The only downer is the potential death element. All along the twisting mountain road we see the carcasses of old cars that have stacked it on these bends. Many are displayed as part of a 'keep your speed down' campaign.



Others are just left where they landed, completely destroyed then stripped for parts. We see another fresh crash - a truck is completely on its side in a ditch, its windscreen smashed in, cargo being loaded into another truck. Every couple of miles or so there's a wheel-change happening, a truck with a burst tyre, or women wandering around while a bloke tinkers under the motor. Still Mr Wazzboobleyoid rolls along.

We're well off the tourist trail now. It soon gets stormy, and lightning flashes over the mountains ahead, lighting up a spectacular sky. Those mountains are where we were planning on camping. Rain starts smashing down at the windscreen. This is odd. We haven't been anything but sweating our tits off for the past month. Now we're moaning about the rain and cold. Only earlier we were scoffing pasties. Where are we again?

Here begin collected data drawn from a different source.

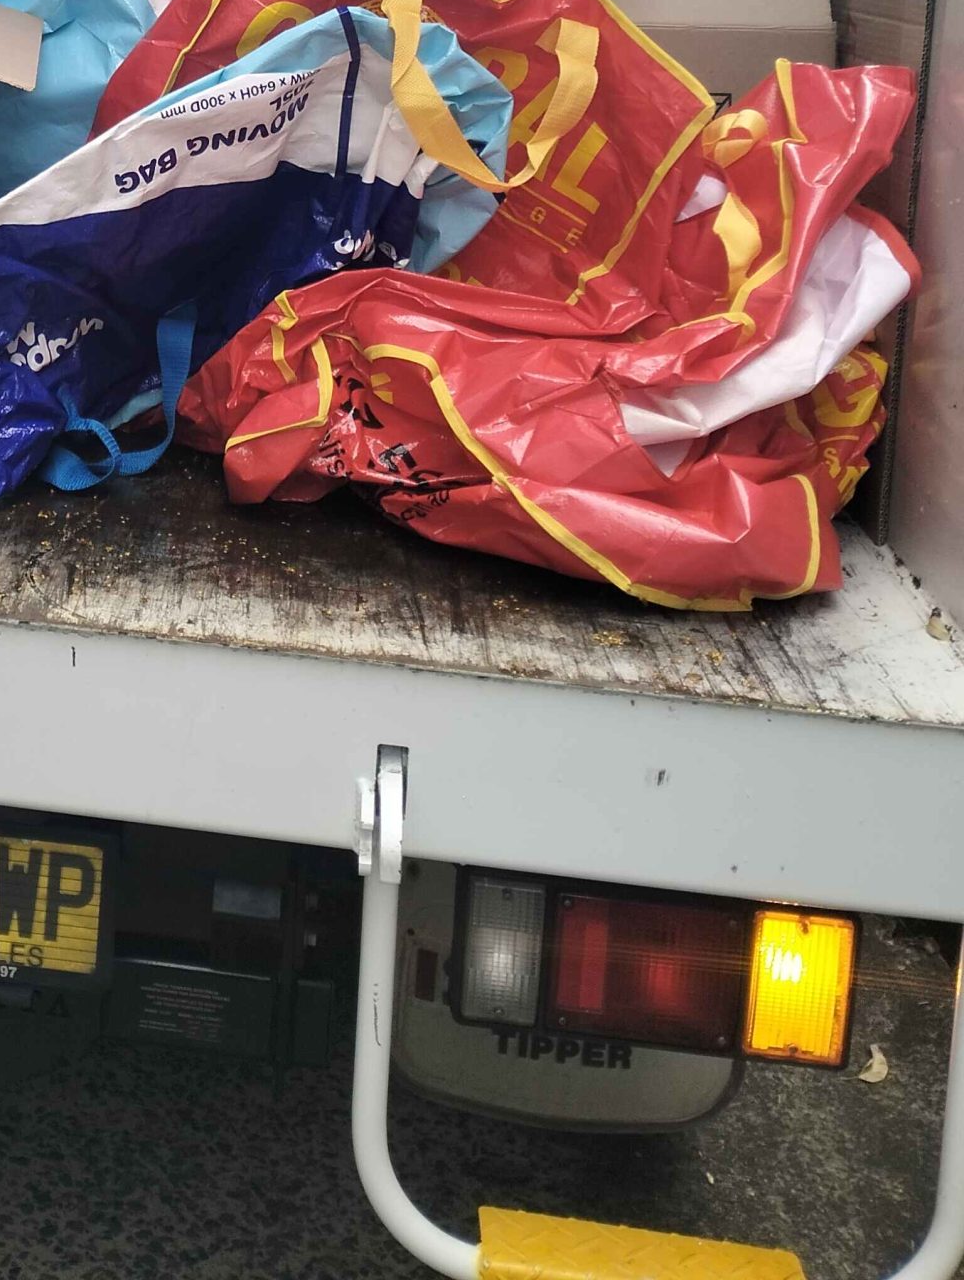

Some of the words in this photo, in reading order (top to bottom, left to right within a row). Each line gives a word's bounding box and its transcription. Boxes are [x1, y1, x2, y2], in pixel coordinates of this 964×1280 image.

[190, 94, 226, 113] 300D
[240, 80, 277, 97] 640H
[160, 106, 187, 120] mm
[186, 92, 310, 157] MOVING
[114, 147, 178, 194] BAG
[491, 1026, 633, 1070] TIPPER

We reach a town recommended in the morning by a huge man at the hotel, a place named Mouse, because the rocks look like cheese. There's nothing here, aside from the odd roadside cafe under the mountains. We pull into one and attempt to order food. We have no idea what's going on, so we just point to three random dishes, much to the amusement of the waitress in the Great Britain tracksuit top. So that'll be sheep's eyes, goat brain and yak nuts then. Actually we've done all right - four bits of chicken, a mutton broth and what looks like deep-fried spam. Ideal.



The place is full of families, and once it empties a little one group starts talking to us. They speak a little English, enough to tell us the town centre is up the road and that there's a hotel there. Then, outside, we go through the whole 'photos on the car' routine again. It takes about half an hour to leave. Lovely.

Then it's up the road a few km, where we spot a motel next to a fast-flowing river, right under the mountains. Those lightning flashes keep happening. The stars are amazing. We take the staff up on the offer of a beer, say hello to a group of Spaniards on a massive cycling trip, and then bed down for the night in a room with a proper power shower, and spiders with unfeasibly long legs.